SOURCE MATERIAL
Content starts

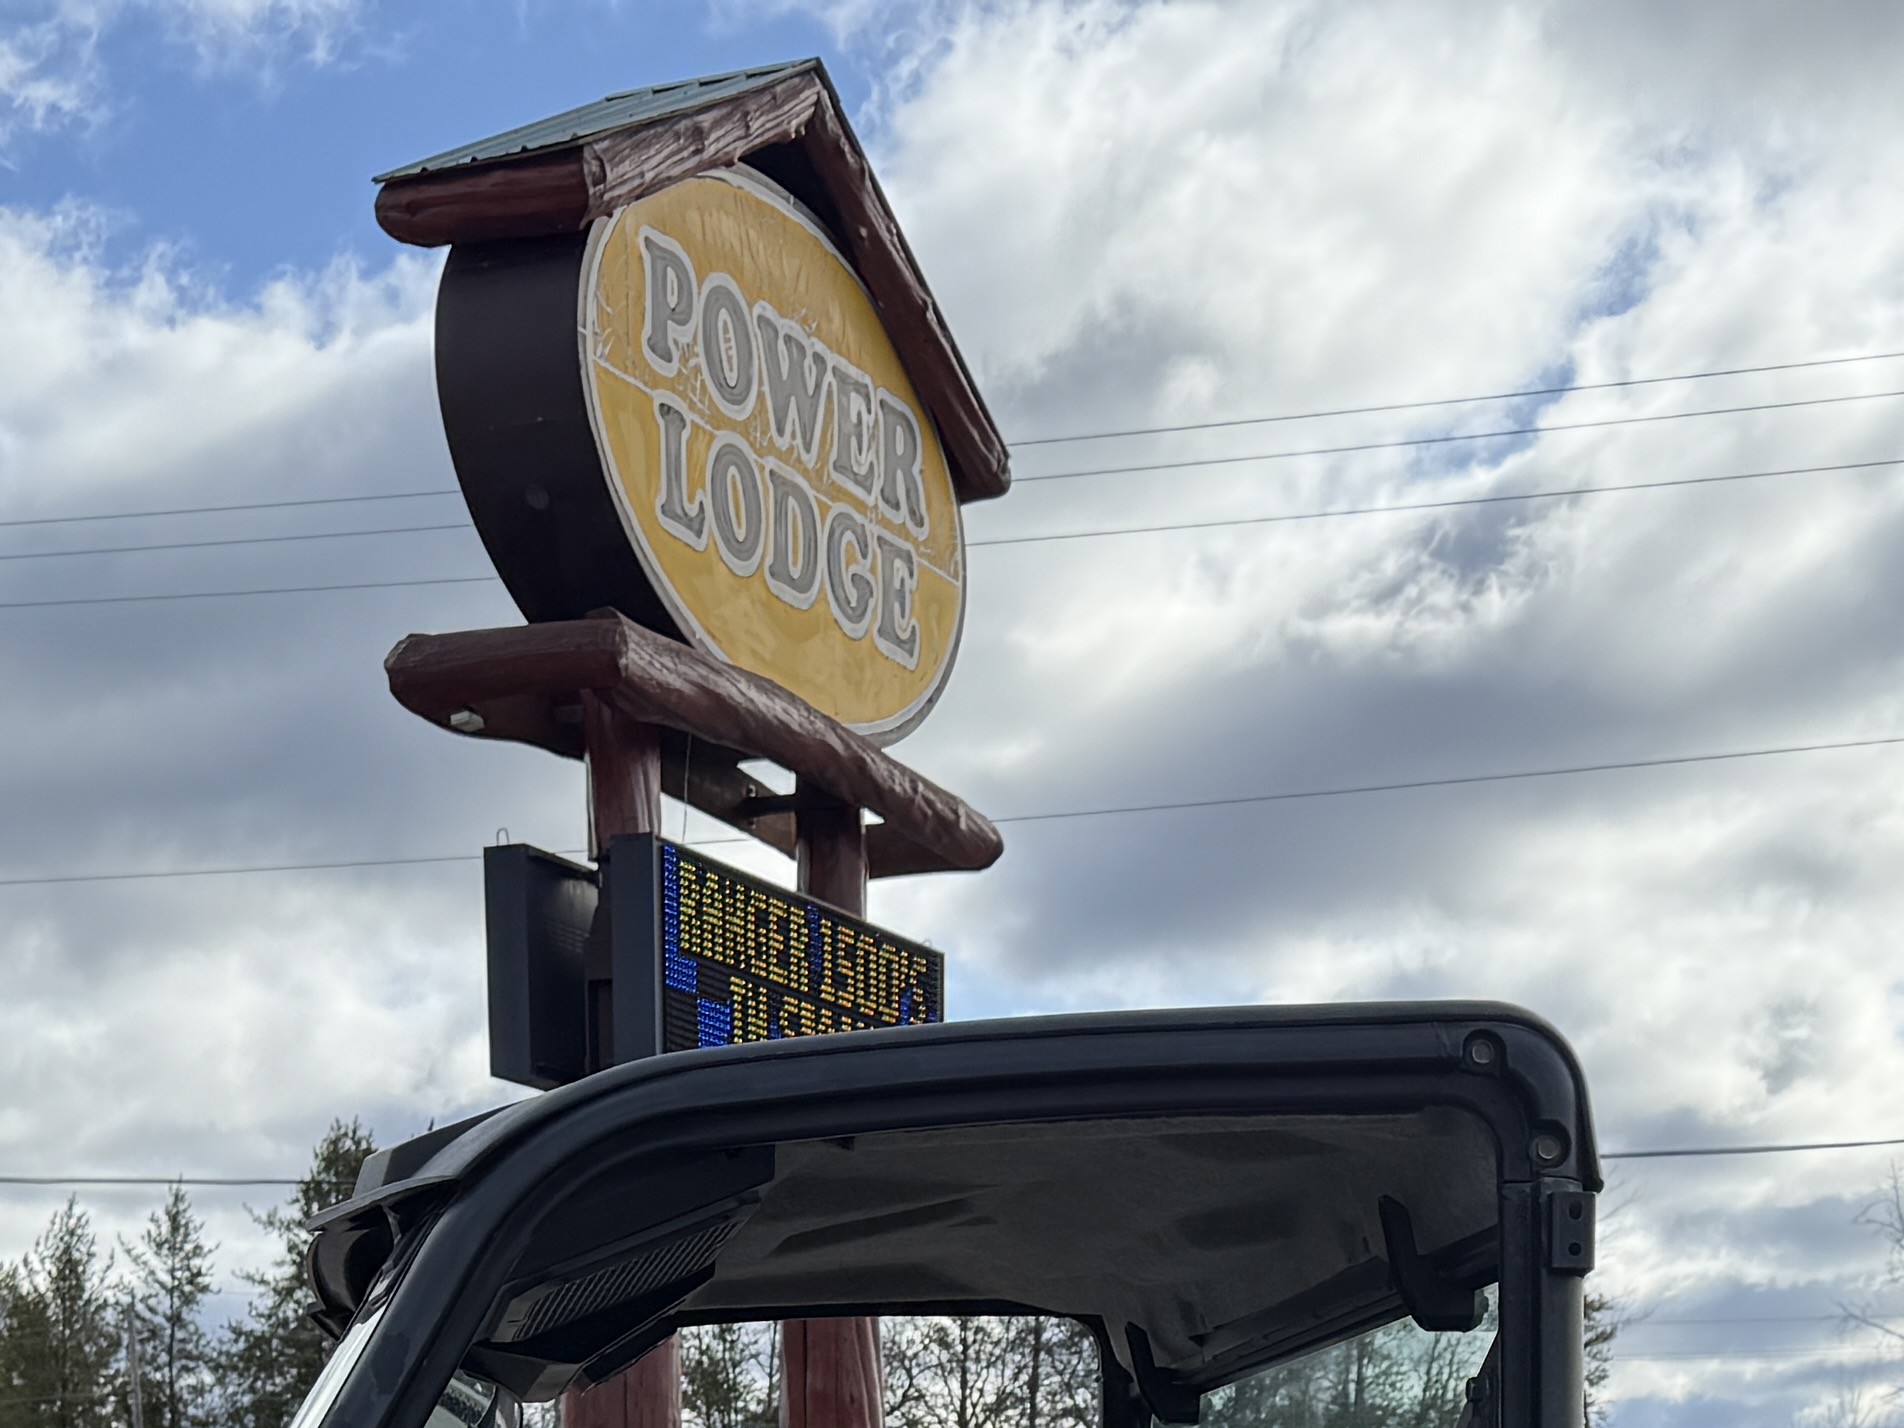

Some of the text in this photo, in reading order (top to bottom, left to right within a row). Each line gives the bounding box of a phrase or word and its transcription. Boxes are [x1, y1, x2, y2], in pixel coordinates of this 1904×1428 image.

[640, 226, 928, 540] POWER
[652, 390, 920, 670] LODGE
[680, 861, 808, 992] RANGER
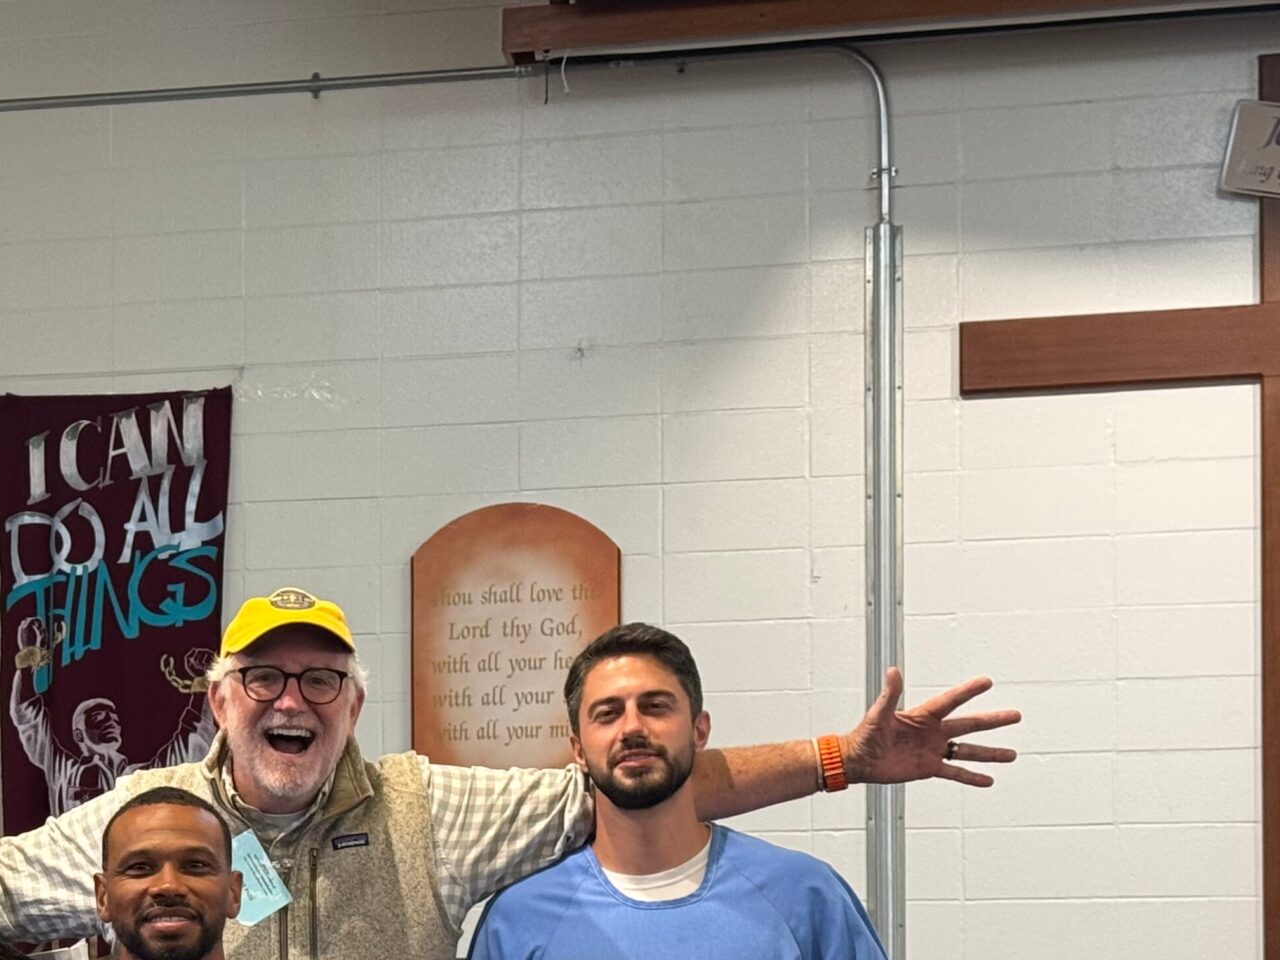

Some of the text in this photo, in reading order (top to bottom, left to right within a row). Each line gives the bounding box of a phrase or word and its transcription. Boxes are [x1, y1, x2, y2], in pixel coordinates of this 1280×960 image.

Content ends

WHAT THE TASK REQUIRES
From the first line to the last, repeat the material exactly, but drop the pictures.

EXERCISE SOLUTION
Some of the text in this photo, in reading order (top to bottom, left to right within a row). Each line gives the bounding box of a phrase or word and its transcription. Boxes are [x1, y1, x2, y2], in pixel coordinates of this 1904×1428 image.

[640, 226, 928, 540] POWER
[652, 390, 920, 670] LODGE
[680, 861, 808, 992] RANGER

Some of the text in this photo, in reading order (top to bottom, left to right within a row). Each line gives the bounding box of a phrase or word and its transcription. Boxes are [x1, y1, x2, y2], in pixel coordinates of this 1280×960 image.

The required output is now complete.